入りきらない。私の中で、みかんさんの『好き』が溢れて、もうパンパンだ。
「ウスバツバメガの幼虫を、クラスの男子から守ったとき、あったでしょ? あれ、すっごくカッコよかった。あそこであたし、胸打たれたなぁ。あれがきっかけで、もっと佐凪さんと仲良くなりたいって思うようになったんだよ」
「あ、あんなことで?」
「うん。優しいなっていうのもそうだけど、好きなんだなっていうのが、伝わってきたから。そのあとに佐凪さんが雨白さんだって知ったわけだけど、そうじゃなくてもあたしは佐凪さんと友達になってたと思う。ね?」
「ね、というのは……」
「雨白さんっていうvtuberも、村崎佐凪っていうあたしの友達も、どっちもすっごく魅力的な人で、あたしの大好きな推しだってこと!」
人を傷つけたかったというみかんさんの気持ちも、きっと嘘ではなかった。そんなみかんさんが、こんなにも笑顔で、誰かを応援している。そして、そうさせたのは、紛れもなく、私だ。

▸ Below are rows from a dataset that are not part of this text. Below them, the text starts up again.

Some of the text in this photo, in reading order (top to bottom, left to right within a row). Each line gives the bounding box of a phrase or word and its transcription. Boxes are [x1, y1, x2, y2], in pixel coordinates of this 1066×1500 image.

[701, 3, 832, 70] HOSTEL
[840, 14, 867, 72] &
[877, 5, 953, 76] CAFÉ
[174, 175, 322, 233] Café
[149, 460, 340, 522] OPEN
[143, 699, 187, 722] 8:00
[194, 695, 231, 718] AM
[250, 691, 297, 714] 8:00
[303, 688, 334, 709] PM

「あたしは、こうやって応援することしかできないけど、でも、それがあたしの役目だから。大好きな人が、幸せになってくれることを、毎日、毎分、毎秒、願ってる。重い、かな」
私は首を……縦に振った。
「重い、かも」
「う……だよねー……」
「でも、約束したから、ムキムキになるって」
袖をまくって、力こぶを作る。……ないけど。
校舎にチャイムが鳴り響く。
すでに部活動は始まっており、グラウンドや廊下から、部員たちのかけ声が聞こえてくる。

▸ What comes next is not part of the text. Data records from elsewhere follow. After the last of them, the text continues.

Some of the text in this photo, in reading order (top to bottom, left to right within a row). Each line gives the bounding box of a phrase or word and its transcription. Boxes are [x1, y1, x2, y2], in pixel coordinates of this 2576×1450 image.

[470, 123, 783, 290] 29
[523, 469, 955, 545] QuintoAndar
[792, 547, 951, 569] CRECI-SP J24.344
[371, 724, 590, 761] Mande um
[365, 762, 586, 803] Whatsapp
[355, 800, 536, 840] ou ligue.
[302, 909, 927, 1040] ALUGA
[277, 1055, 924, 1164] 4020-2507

何かを目指し、頑張り続けるには、好きでないとムリだ。冷めることのない情熱と、褪せることのない憧れが、誰かの心を焦がしていく。
その輪の中に、私も入れてもらえるだろうか。
たかが趣味。まだ世間に浸透しきっていないvtuberという活動。お母さんのような人はきっと、簡単には許容しないのだろうけど。
伝わるだろうか。
「佐凪さん、はい」
みかんさんが、両手を広げている。
私は、そんな彼女の胸に飛び込んだ。力強い抱擁は、まるで温もりと勇気を、分け与えてくれるようで。
「これで、配信で話すネタ、増えた?」
「うん……今日、教室で、ハグしましたって」
求められているもの、需要、そして、やりたいこと、天秤にかけるのは難しい。
でも、そのすべてが平等に揃ったときが、充実だと私は思っている。
「みかんさん、私、行ってくる!」
一滴たりとも零さないように、すくいあげて、身体を離した。
「うん! 頑張って! ぜったい、大丈夫だよ!」
受け止める。折れないように、胸を張って。今度こそ、この重荷を、力に変えて。
小さい頃置いてきたものを、今から取りに行こう。